Ask yourself if this doesn't exist in what you lovingly refer to as "the real world:" a middle class Asian American guy walks up to a gas station window to ask directions. The guy behind the counter is from Pakistan or Afghanistan, and his English is very poor. He doesn't understand the American, and anyway he has suffered quite a bit in the past few years from personal hardships, so he yells at the guy to get lost, or he'll call the cops. The American guy walks away, and in his mind he processes the events. He knows nothing about the foreigner's situation, so perhaps he assumes the foreigner is lazy, or on drugs, or a criminal. He sees this all the time- the city is full of people like that from these middle eastern countries. Maybe there is something genetic about these middle easterners that makes them do all these terrible things to each other. That, Mal, is racism. Most racism is directed at no one in particular, is unorganized, unspoken, unacted upon. The Asian American will, from now on, make sure to stop at the gas station where the white guy runs the counter- and when he sees an Arab, he goes somewhere else. *He knows better than to deal with those people.* And in such a confined scenario, he is not even wrong insofar as he thinks about it at all.
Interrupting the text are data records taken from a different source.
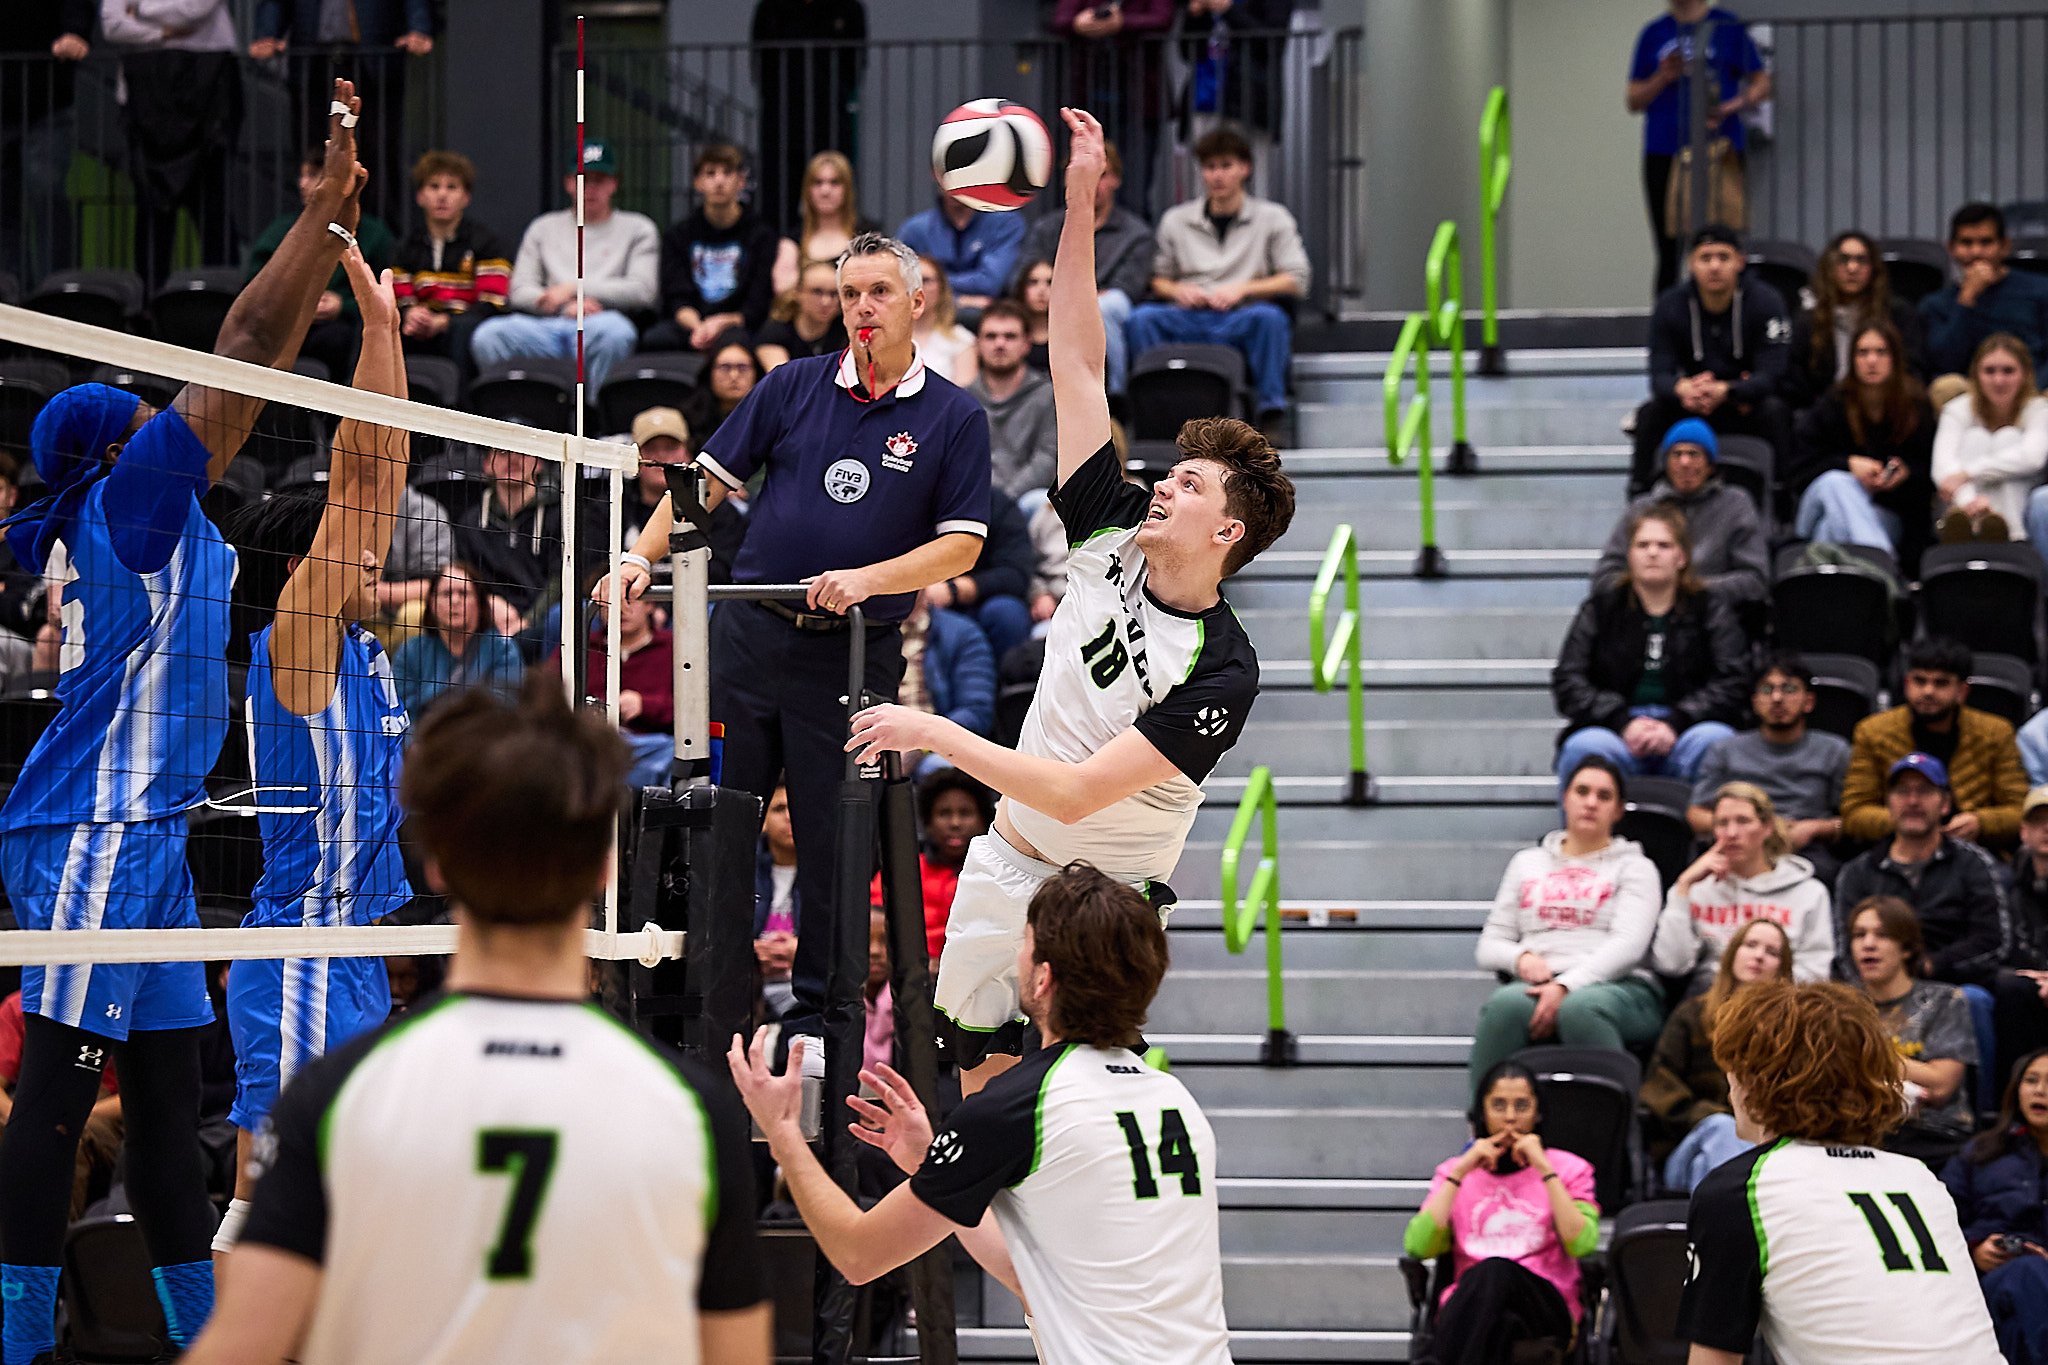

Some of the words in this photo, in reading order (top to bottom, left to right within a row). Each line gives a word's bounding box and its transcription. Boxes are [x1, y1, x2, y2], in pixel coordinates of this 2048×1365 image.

[835, 468, 862, 483] FIVB
[1080, 617, 1129, 690] 18
[1114, 1107, 1202, 1200] 14
[475, 1126, 560, 1282] 7
[1845, 1190, 1951, 1273] 11
I live in a city where practically the only time you would ever expect to see a black face at all will be on the street, in a tourist area, selling drugs. Otherwise blacks are British tourists, Americans, or too rarely locals with honest jobs. But it takes a person who has been educated, not just by his own experiences, and not just "in the real world," but yes, dammit, in books and studies, to see that the world's population of black people is not in itself defined by drug dealing in a small European country. The thing is, if you never went to school, and you lived in Central Europe, you would be *totally* justified in assuming that all black people, everywhere, are drug dealers. Practically speaking you'd be right most of the time in your limited world.

But there's the rub my friend, you'd still be wrong. You'd be ignorant, and you'd be wrong.